Trading Short with Meme Stocks

We’ve discussed Meme stocks previously.

This week, NEGG decided to join the party. On June 30 the stock jumped 78%. A few days later it jumped 41% at which point it became a stock of interest for short selling. The following day it rocketed 148%. Here’s the chart…

meme stocks

That’s a 560% gain in a 6-days.

Great if you’re on the right side of it. Not so much if you run a short side system.

The question is whether or not we’re in some ‘new normal’ with these meme-style stocks and secondly, how do we deal with it if  trading short-side strategies?

I can assure you it only takes one of these to rattle your bones. And having a few in a row can completely destroy built up equity.

To assess the new normal I ran a basic experiment using a short side day trade strategy. It looks for heavily over extended stocks, then attempts to short sell them the next day if they continue to move higher. Once shorted, the stock is exited at the end of the day.

This test uses such a system, selects a maximum of 10 positions and allocates 10% of equity to each.

However, what we’ll do here is measure the rolling 30-day standard deviation of the system’s daily return.

30 day rolling

As can be seen, from 2005 through to the start of 2020, the strategy’s equity volatility was reasonably stable.

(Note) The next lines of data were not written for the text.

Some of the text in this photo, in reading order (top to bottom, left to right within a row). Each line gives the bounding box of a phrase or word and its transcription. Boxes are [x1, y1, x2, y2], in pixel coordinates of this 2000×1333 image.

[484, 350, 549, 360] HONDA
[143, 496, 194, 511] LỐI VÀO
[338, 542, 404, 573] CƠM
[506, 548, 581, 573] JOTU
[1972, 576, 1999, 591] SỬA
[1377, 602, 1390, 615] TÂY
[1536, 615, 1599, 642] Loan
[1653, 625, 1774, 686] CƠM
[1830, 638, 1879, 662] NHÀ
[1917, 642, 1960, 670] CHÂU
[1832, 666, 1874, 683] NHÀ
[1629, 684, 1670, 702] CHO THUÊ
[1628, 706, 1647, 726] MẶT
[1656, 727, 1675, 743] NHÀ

The normal oscillations based on regular market volatility can be seen.

We then get the first major deviation with the serious COVID sell-off in March 2020. Considering that sell-off was equivalent to the 1987 crash, that jump in equity volatility is explainable and would be expected.

And then everything goes a little pear-shaped. There is a consistent 3x to 5x jump in volatility from mid-2020 onward.

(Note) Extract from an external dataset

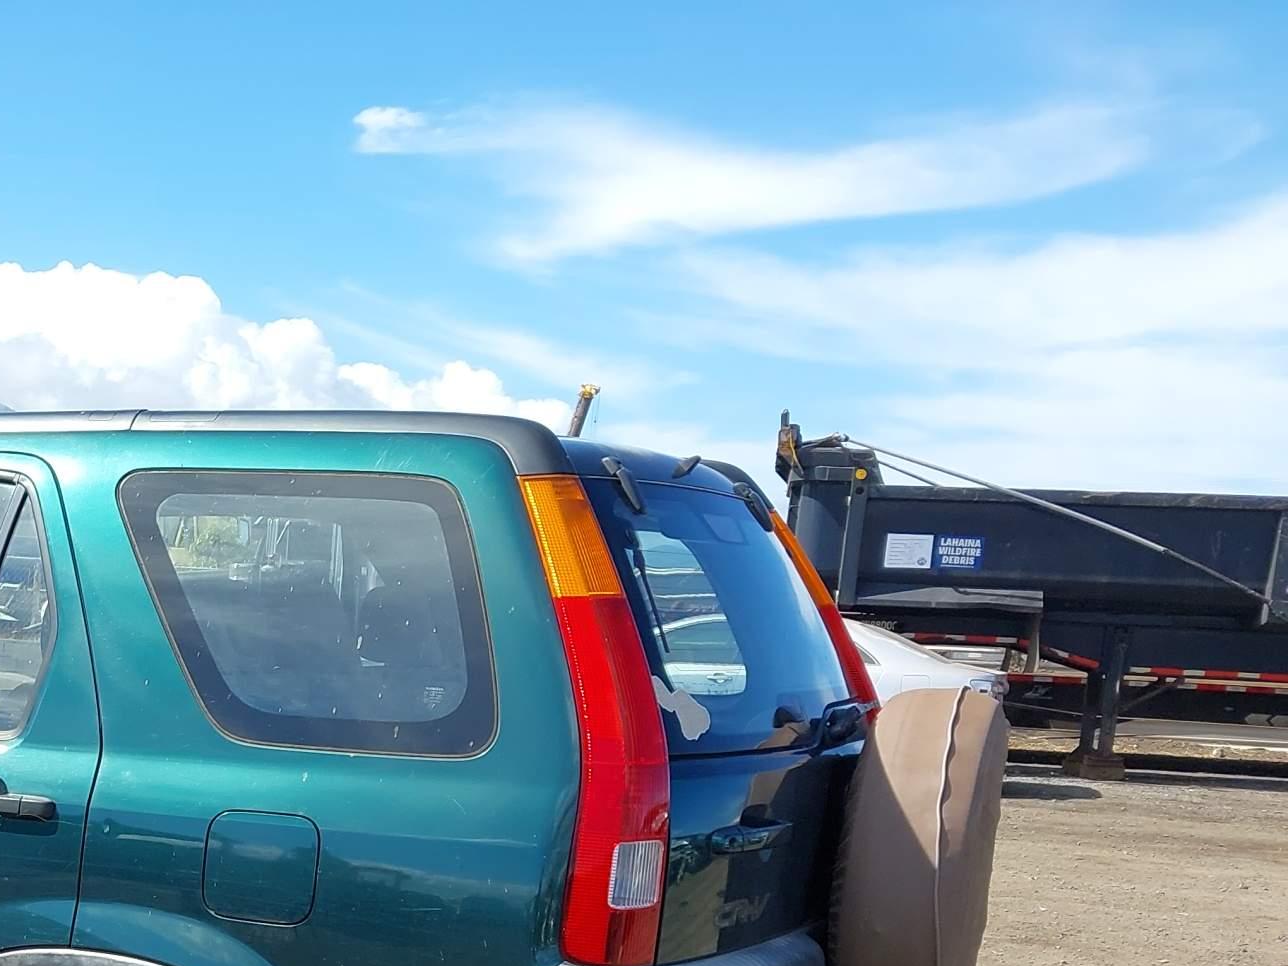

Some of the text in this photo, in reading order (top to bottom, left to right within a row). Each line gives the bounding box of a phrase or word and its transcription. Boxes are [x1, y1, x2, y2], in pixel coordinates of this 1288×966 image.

[940, 537, 982, 548] LAHAINA
[938, 547, 982, 557] WILDFIRE
[942, 556, 975, 565] DEBRIS

This appears to be the Meme stock anomaly and clearly will have a large impact on trading short side strategies if it’s here to stay.

How to tackle it?

I don’t have a solid solution, but here’s a few immediate thoughts…

If the identification of a Meme stock could be done accurately, we could remove them from the tradable universe, although a purist would deem that data mining. But NEGG wasn’t really a pure Meme stock and the initial advance was actually fundamentally driven. In theory a Meme stock could come out of nowhere meaning removing them is going to be hit and miss.

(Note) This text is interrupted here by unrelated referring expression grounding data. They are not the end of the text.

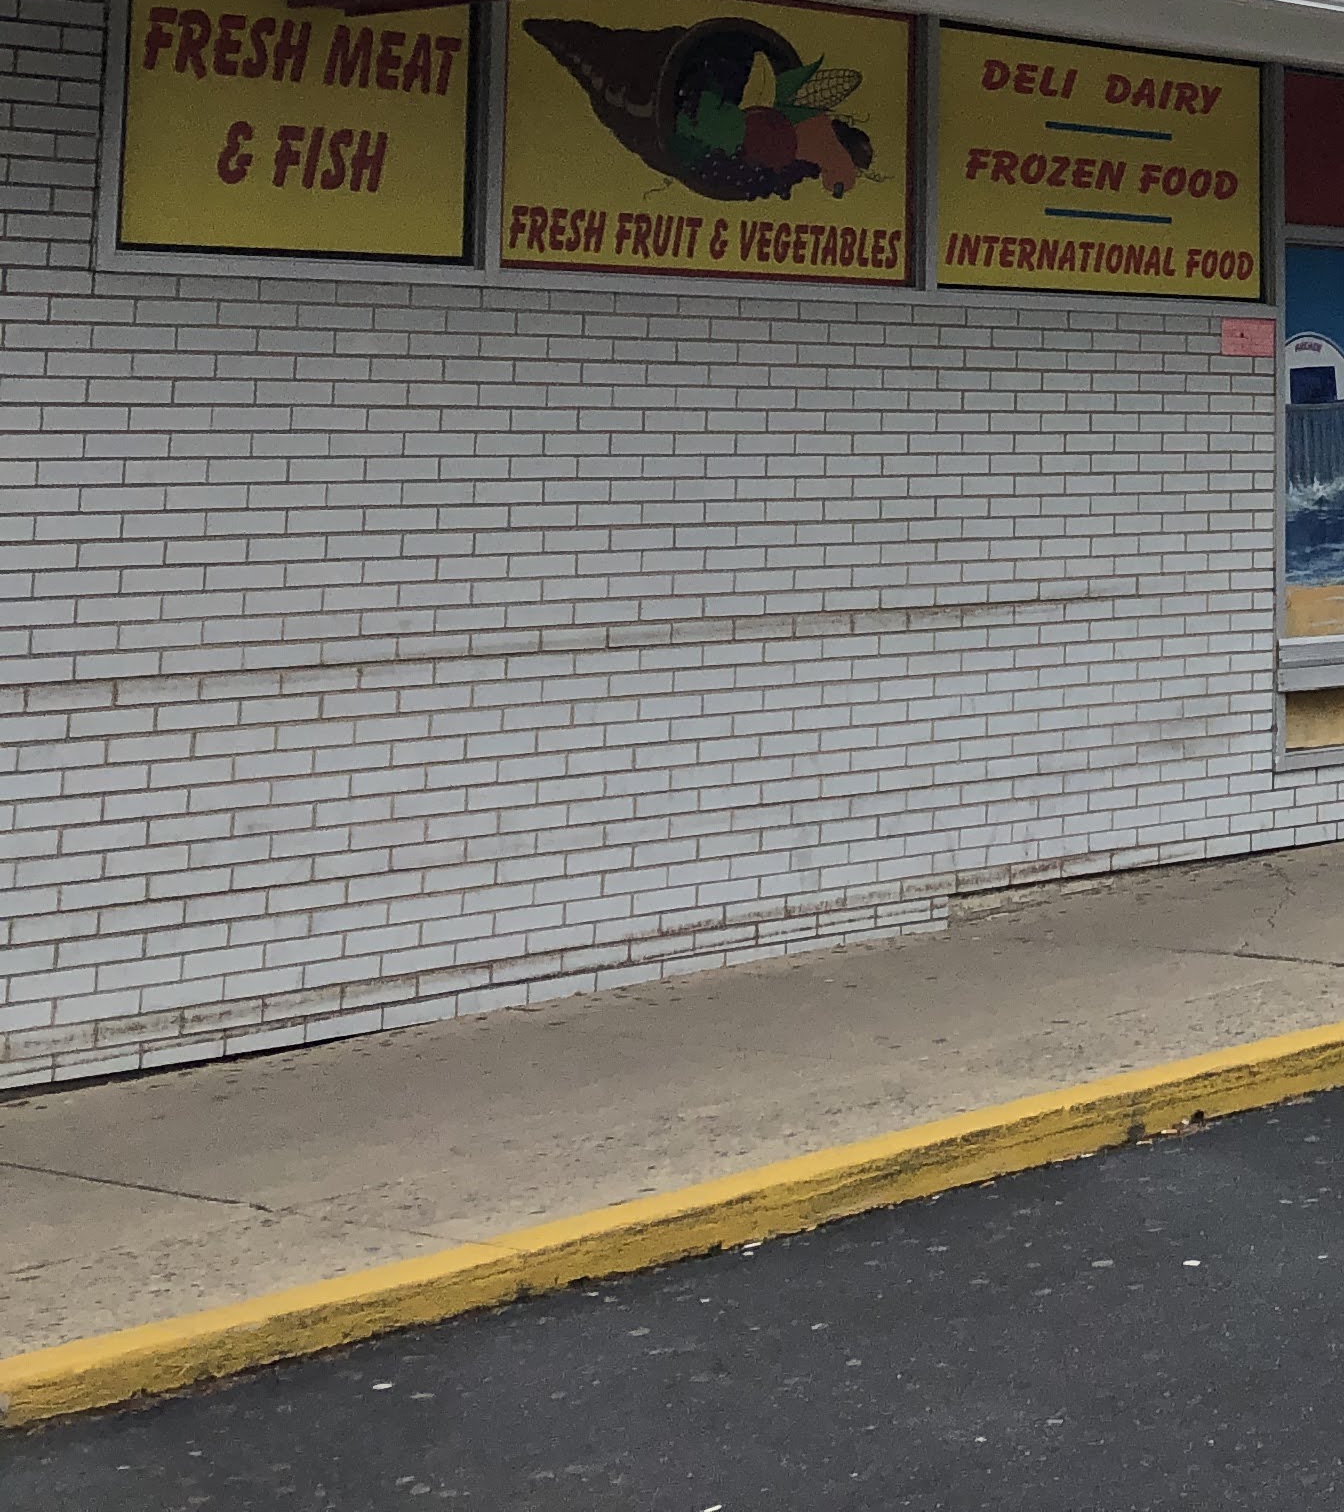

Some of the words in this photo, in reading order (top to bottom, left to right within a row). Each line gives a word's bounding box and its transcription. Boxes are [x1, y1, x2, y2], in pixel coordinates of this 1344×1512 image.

[144, 7, 311, 82] FRESH
[323, 25, 462, 96] MEAT
[981, 59, 1078, 99] DELI
[1105, 73, 1222, 115] DAIRY
[217, 120, 253, 185] &
[273, 125, 389, 192] FISH
[965, 148, 1127, 192] FROZEN
[1138, 163, 1239, 200] FOOD
[508, 205, 606, 253] FRESH
[615, 212, 703, 259] FRUIT
[709, 218, 729, 260] &
[739, 220, 902, 269] VEGETABLES
[945, 233, 1176, 277] INTERNATIONAL
[1185, 248, 1254, 280] FOOD
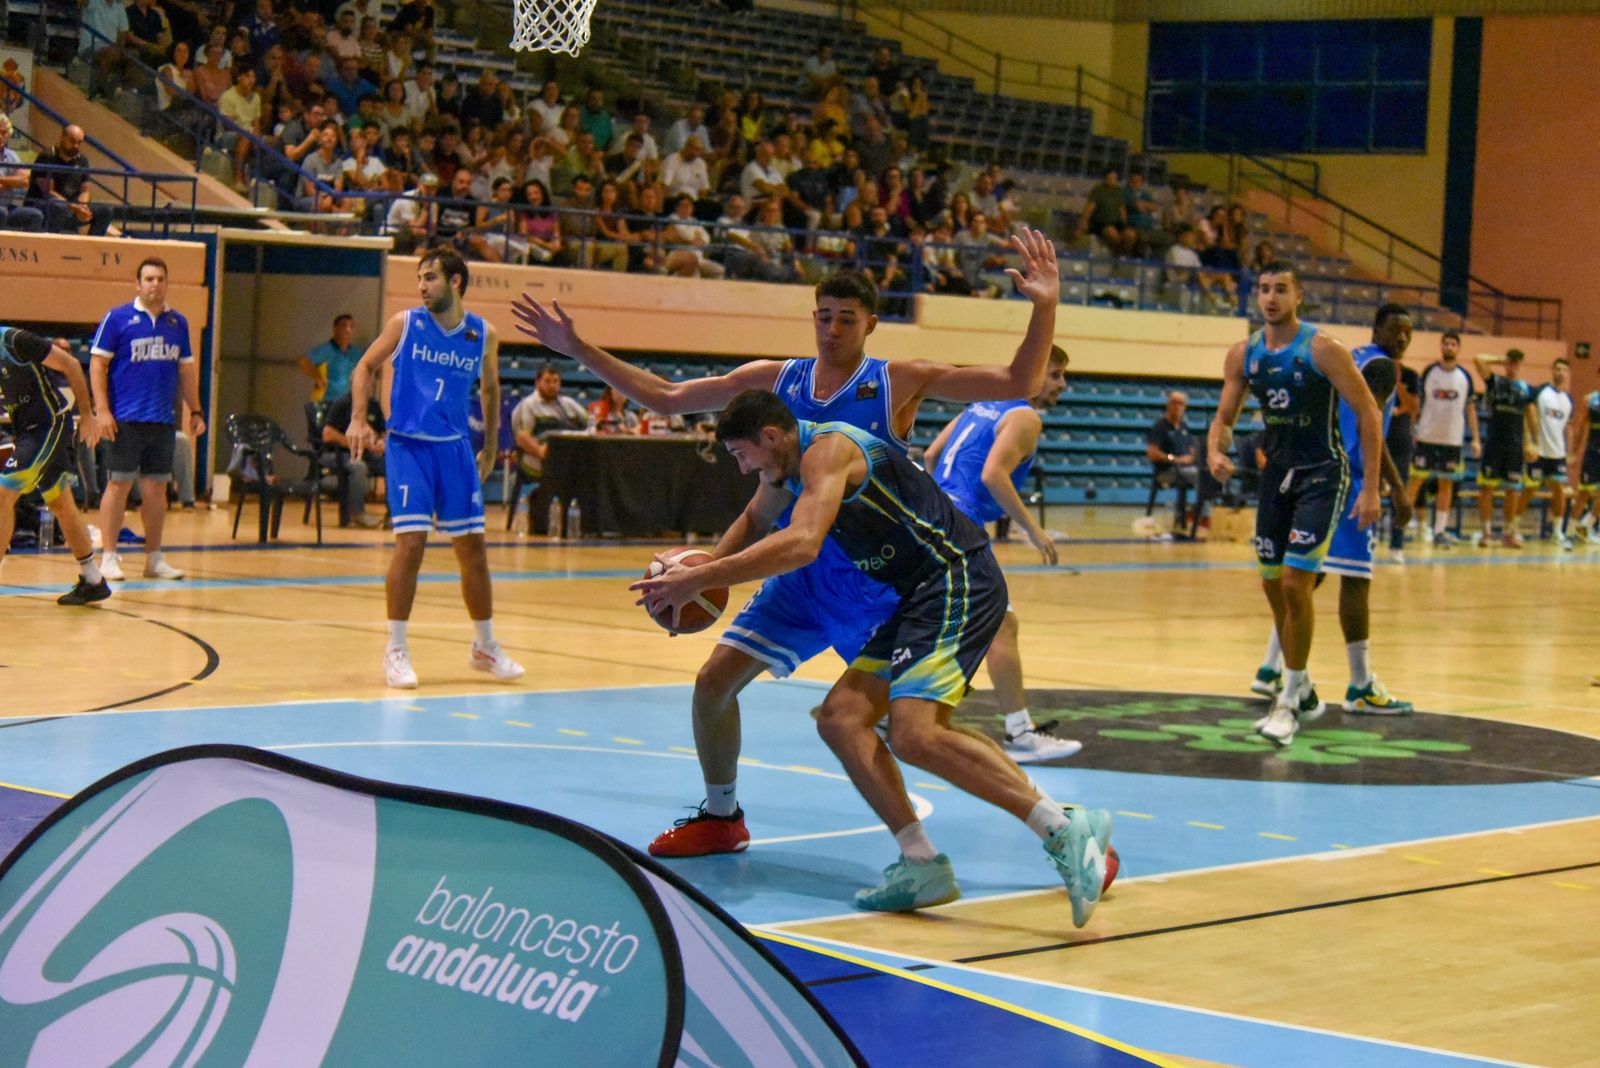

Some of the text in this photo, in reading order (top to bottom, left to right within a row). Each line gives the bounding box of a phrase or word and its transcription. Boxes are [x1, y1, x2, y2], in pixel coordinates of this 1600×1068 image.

The next alternate is to avoid stocks with high short interest as these are the ones ‘more likely’ to be targeted for short squeezes. One could build in a short interest ratio or similar formula as a way of standing aside from those stocks that could be prone to a short squeeze.

Another suggestion is to lower exposure to strategy such as allocating 50% less capital to it.

If this Meme anomaly is here to stay, then trading on the short side is going to be a very bumpy ride for many.